I am however quite curious about the spiral in the point of contact area that you mentioned and as you say, on the warmer side of E strings. I may think about special ordering one.
I have tested the Amber E when it came out and after testing it and having to switch to another set I get it to one of my students. I miss using it and what is worse... I see it once a week on another violin! lol
Dave, how strings sound depends on other factors such as the set up of individual violins (bridge, soundpost in particular), and the bow that is being used. Hence, an E that is "brilliant" on one violin may be less "brilliant" but "warmer" and just as projecting, on another.
I have several bows, each having its individual sound color and response. For instance, two of my bows are Late Baroque replicas (after a 1750 French design), one being snakewood producing a more brilliant tone than the other that is otherwise identical but not snakewood and produces a warmer tone than the snakewood. Which bow I use, and this goes for my other bows, depends on the music, the ensemble, the room acoustics, and how I feel on the day. It occurs to me that changing bows can be just as useful as changing violins, and a lot more convenient.
You can still see the spiral shimmer on the Warchal Amber E post-installation (and on the Avantgarde A, for that matter).
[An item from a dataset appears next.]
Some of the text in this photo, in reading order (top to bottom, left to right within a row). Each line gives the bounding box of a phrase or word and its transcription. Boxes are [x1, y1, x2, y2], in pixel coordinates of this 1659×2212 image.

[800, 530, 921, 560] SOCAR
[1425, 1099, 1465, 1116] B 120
I use both strings (paired with Brilliant Vintage D and G) and like them a lot. I think of the sound profile of the Amber E as being pretty neutral, and it pretty much never whistles.
"so the Brilliant set must be very bright?"
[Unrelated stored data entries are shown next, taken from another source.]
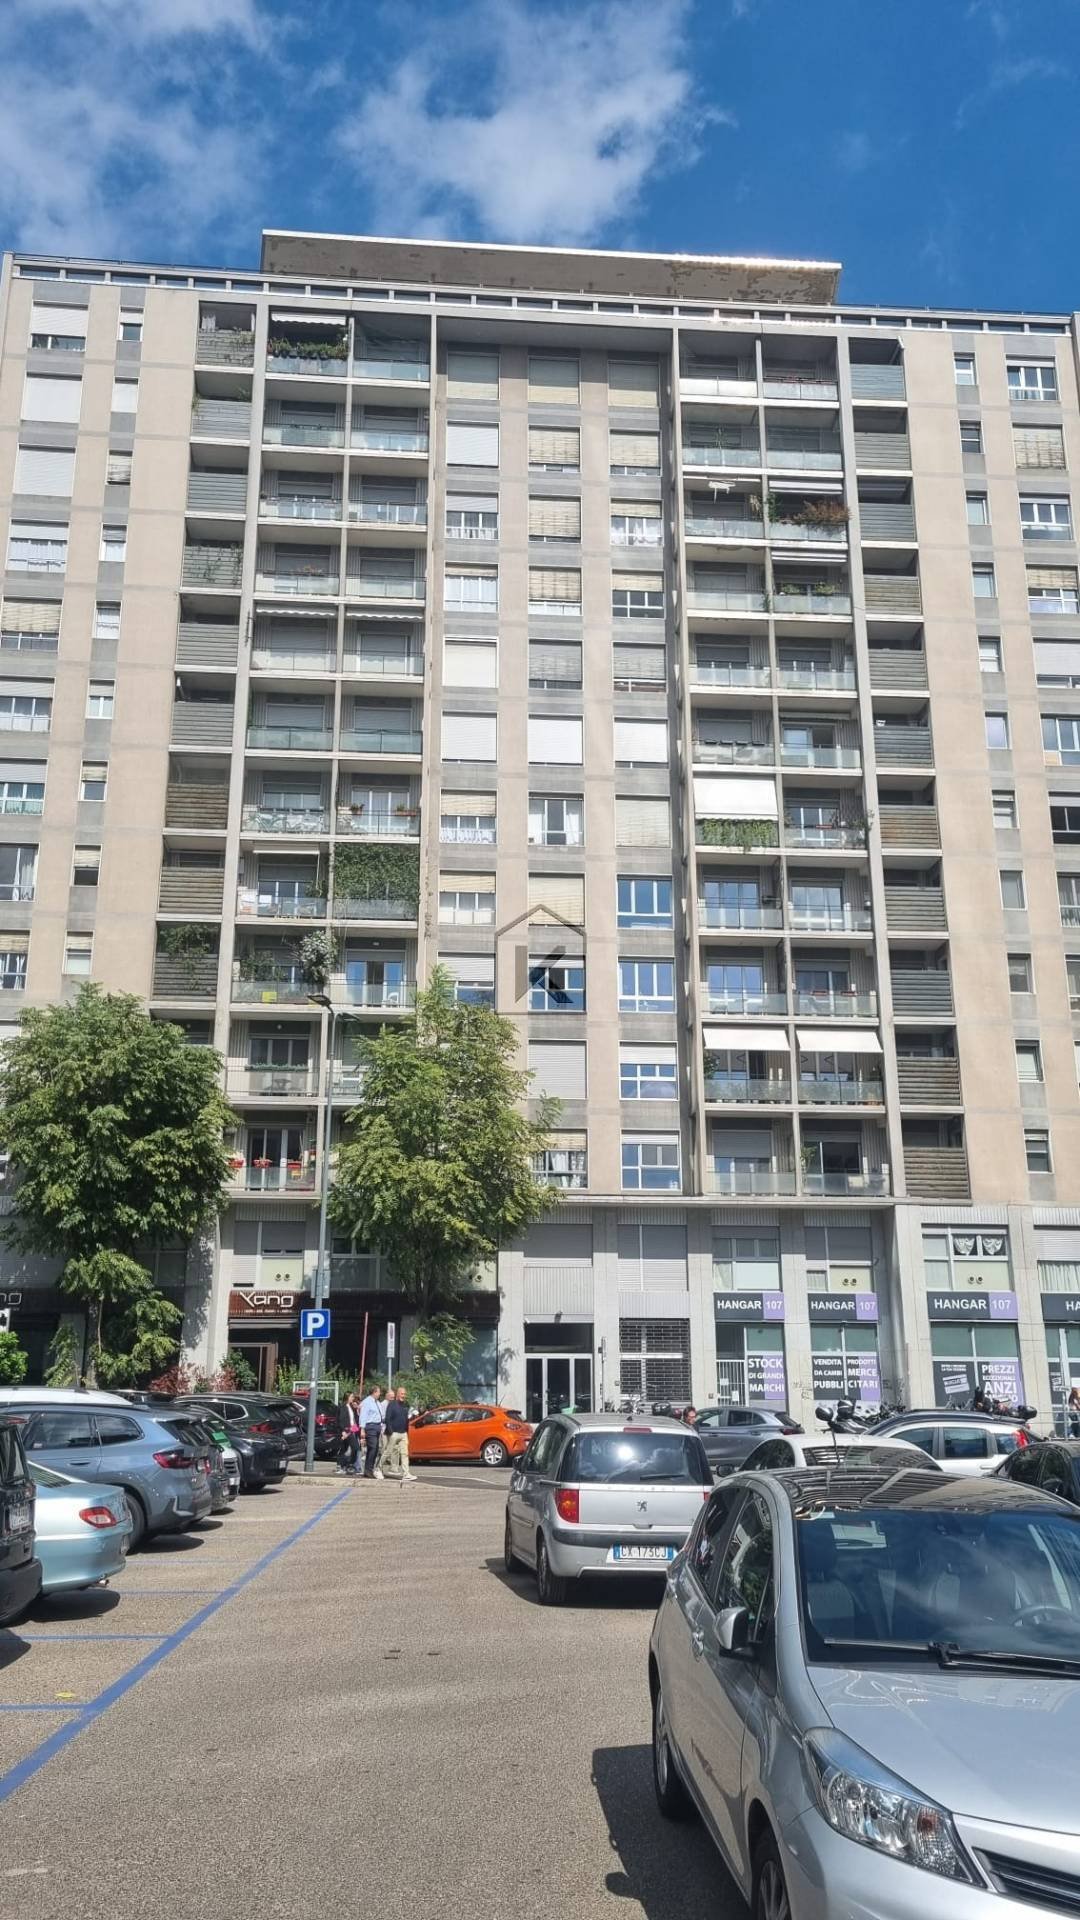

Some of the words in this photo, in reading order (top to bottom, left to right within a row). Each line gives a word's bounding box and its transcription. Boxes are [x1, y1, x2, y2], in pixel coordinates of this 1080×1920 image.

[240, 1291, 294, 1308] Yang
[934, 1299, 987, 1309] HANGAR
[992, 1300, 1011, 1309] 107
[717, 1300, 762, 1310] HANGAR
[765, 1301, 783, 1310] 107
[811, 1301, 856, 1310] HANGAR
[859, 1301, 876, 1310] 107
[307, 1313, 325, 1336] P
[748, 1358, 784, 1368] STOCK
[813, 1358, 842, 1366] VENDITA
[847, 1358, 877, 1366] PRODOTTI
[847, 1368, 878, 1377] MERCE
[981, 1364, 1016, 1374] PREZZI
[750, 1383, 785, 1392] MARCHI
[814, 1380, 844, 1389] PUBBLI
[848, 1380, 878, 1389] CITARI
[984, 1381, 1017, 1394] ANZI
No. They are louder and project more. They are more of a soloist string - made to be played loud and firmly. Karneols are more versatile, friendly towards being played quietly. If I remember correctly, the Karneols actually seemed brighter than the brilliants.
I have no idea how specific e strings compare. Sorry about the thread drift.
On my violin the Amber E definitely is a bit warmer than E strings I've tried before.
It doesn't appear to project as well when I get to 6th position as say a Jargar or Hill but the difference is small.
Just as a reference, my current violin makes very complex and dark sound, which is ironic because the violin is physically bright in colour.
I am finding myself drawn more and more into brighter and simpler strings with this violin, because I can't really hear my vibrato under my ear. The sound is very powerful and somewhat distorted under my left ear because it's too loud. I can tell it's not my technique because I can hear it very well in recordings and when I have a mute on, or if I play with another violin.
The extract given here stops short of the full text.